A: When a visitor clicks one of your recommendations, on your page or in an answer you’ve created, a portion of any resulting sales (called an affiliate fee) is given back to Mulu. That amount generally falls in the 3 to 15 percent range of the sale price. It can go as high as 20 percent in industries with high margins, such as jewelry or flowers. You, or your cause, get 50 percent of that commission. As your community comments on, shares, or buys your picks, you earn guru points that promote you to earning 75% and, ultimately, 90% of that for yourself or your cause.
Q: The site has this nice mix of images and text questions. Where did the idea to allow users to pose questions come in? How do you think this serves the community?
A: Q and A is such an integral part of our product discovery and assessment process offline; it seemed only natural to offer a kind of Quora for products. Think about the number of times you chat with your friends about what they’re reading, the film they saw last weekend, where they recommend you eat in NYC, or what you should buy your new squeeze for his or her birthday. Being able to open those questions up to a community of friends and experts is pretty powerful. Imagine Lance Armstrong recommending your next bike or Pete Wentz answering your question about a beginner guitar.
Q: How is the celebrity angle working so far and is it different than the OpenSky model?
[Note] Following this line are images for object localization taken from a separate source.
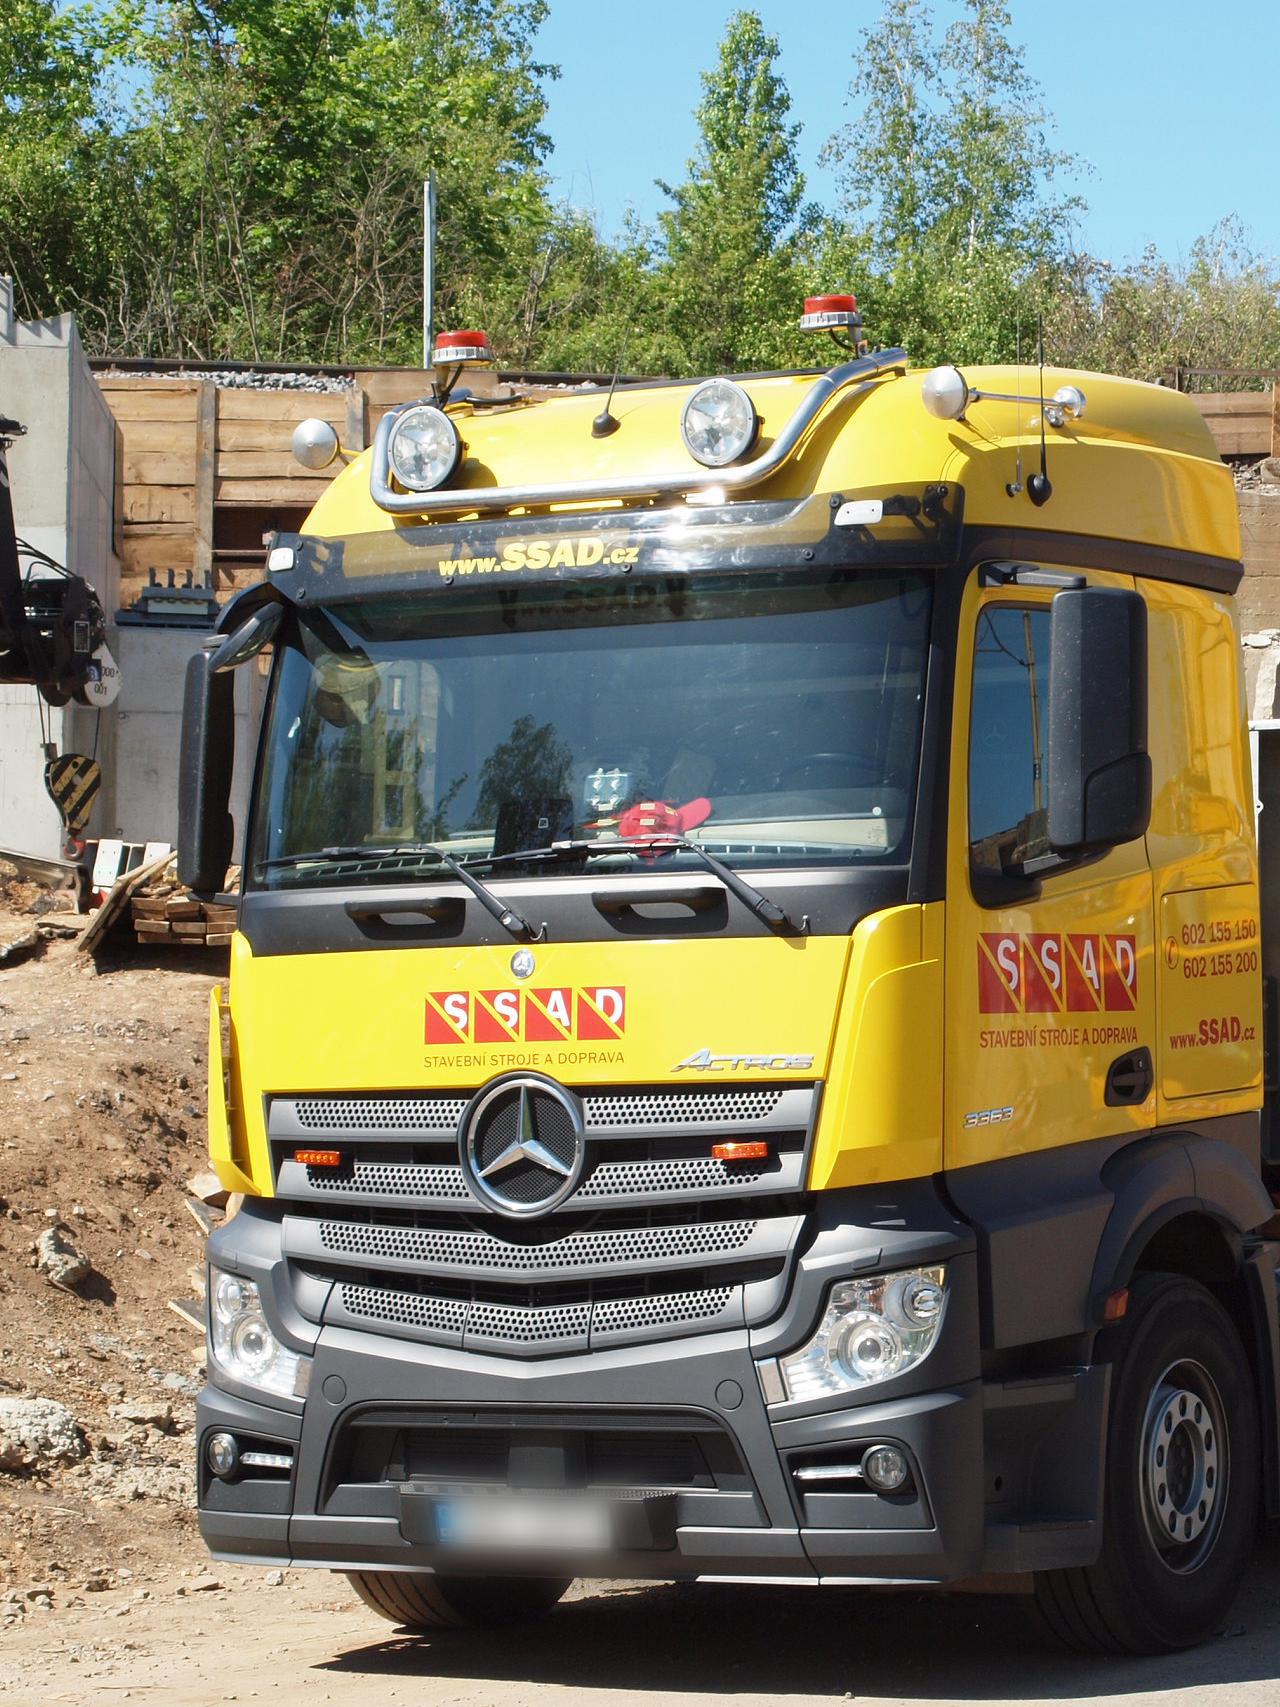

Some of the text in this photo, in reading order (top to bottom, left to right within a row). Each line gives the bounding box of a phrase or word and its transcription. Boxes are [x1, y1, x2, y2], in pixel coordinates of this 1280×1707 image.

[438, 537, 640, 576] www.SSAD.cz
[1182, 919, 1256, 945] 602 155 150
[995, 937, 1136, 993] SSAD
[1184, 951, 1257, 978] 602 155 200
[442, 986, 624, 1031] SSAD
[979, 1025, 1138, 1049] STAVEBNÍ STROJE A DOPRAVA
[1169, 1015, 1255, 1049] www.SSAD.cz
[423, 1051, 625, 1068] STAVEBNÍ STROJE A DOPRAVA
Do you see this being a big driver of traffic, participation and purchase?
A: OpenSky and lots of other great sites out there use celebrities to endorse the products that they sell. Mulu is a very different kind of project. We have a completely open, democratic platform where any regular user, expert, brand, or celebrity alike can create rich multimedia pages filled with their favorite items (products, places, books, music), “curate” their picks to share with the world, and earn money for themselves or the cause that they choose. That’s a powerful idea, enabling anyone from any walk of life to earn cash for themselves or their favorite charity using only their influence, big or small, and their awesome taste in shoes, books, camping gear, or just about anything else.
Q: What are guru points and how can we get some?
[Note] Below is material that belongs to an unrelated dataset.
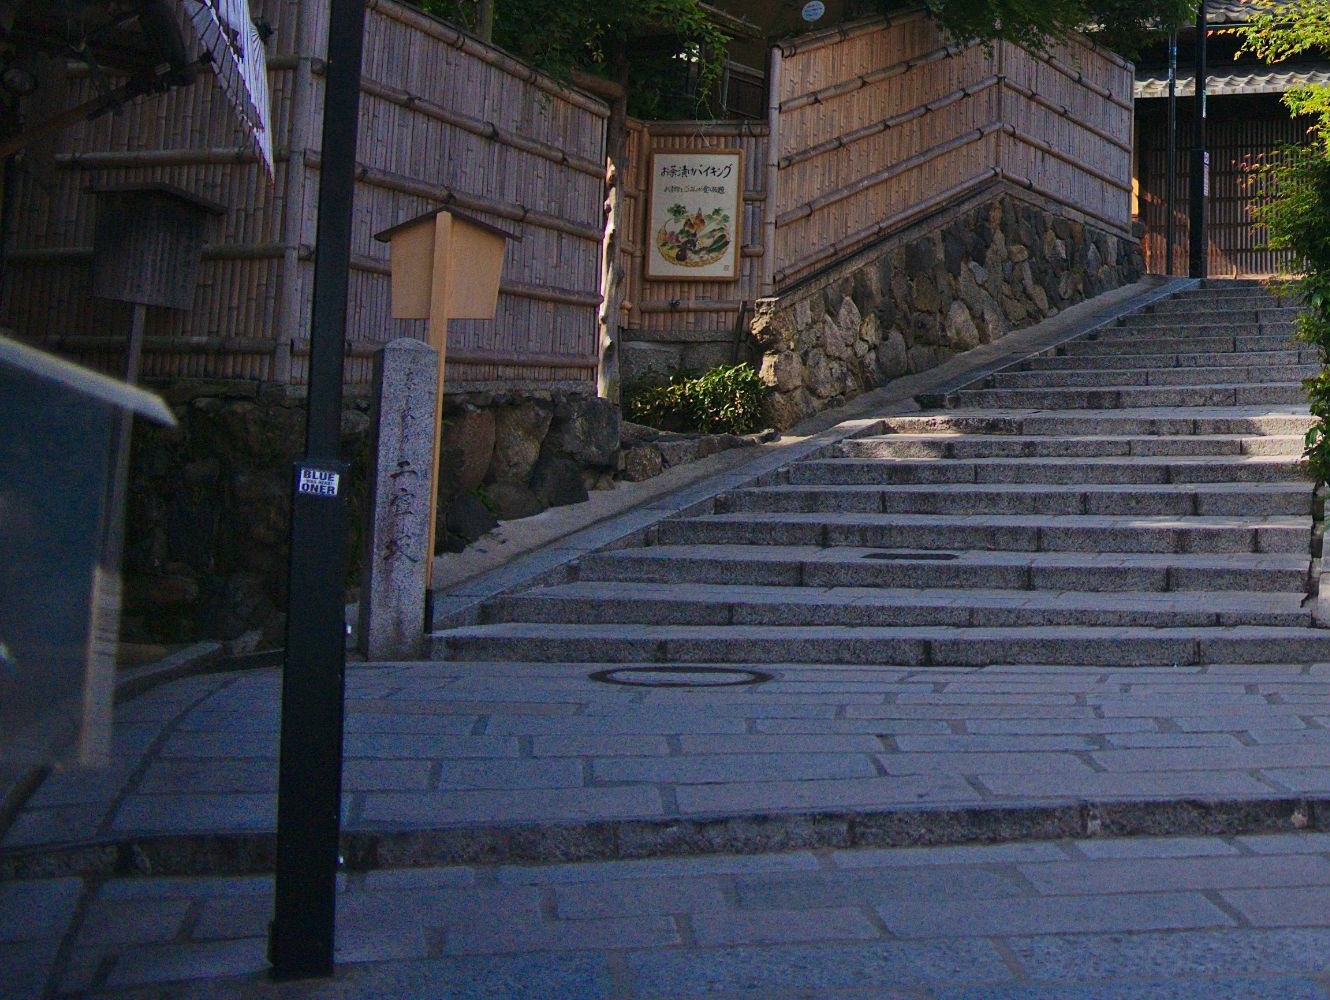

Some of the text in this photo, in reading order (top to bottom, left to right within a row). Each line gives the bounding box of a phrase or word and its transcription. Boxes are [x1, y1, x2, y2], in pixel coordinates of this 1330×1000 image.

[660, 163, 734, 179] お茶漬けバイキング
[303, 469, 336, 482] BLUE
[301, 483, 336, 495] ONER
A: Guru points are Mulu’s way of highlighting users who are really nailing it in a particular area. You earn them any time an item you recommend gets loved, commented on, shared, or bought. As you collect them, you work toward becoming a leader in a specific area; for example, a tech guru or a fashion guru. Once that happens, your answers in those categories are highlighted as authoritative and a higher percentage of your sales go to you or your cause. We’ll be building out this gamification element over the next few months.
Q: What do you see for the future of the Muliverse?
A: We’re really excited about a number of fantastic collaborations on the horizon, as well as a new look and feel to the site, designed to help surface all the amazing content our users create every day. We’ve just wrapped up a competition with Universal Pictures, challenging fans to curate their Snow White and the Huntsman picks in support of 826LA, an amazing program supporting at-risk kids through storytelling and creative writing. Before that, we collaborated with LIVESTRONG to get Lance’s fans curating collections inspired by the idea “Yellow” – anything from Yellow Submarine by the Beatles to lemon sorbet, with all proceeds supporting LIVESTRONG’s amazing programs. We have more of those kinds of partnerships lined up for summer, as well as a few surprises in store.
In terms of the future, our role is to connect users with everything that they hear about in conversation with friends, read about in a magazine, watch on TV, or see tucked under a celebrity’s arm. Love your friend’s iPhone case? Buy it from his Mulu page. Want the album you just saw reviewed? Buy it from the reviewer’s page. Kind of digging the coffee table in a film you just watched? Buy it from the film’s page. And do it all for a cause. I mean, really—who says you can’t find the things you want while doing a little good?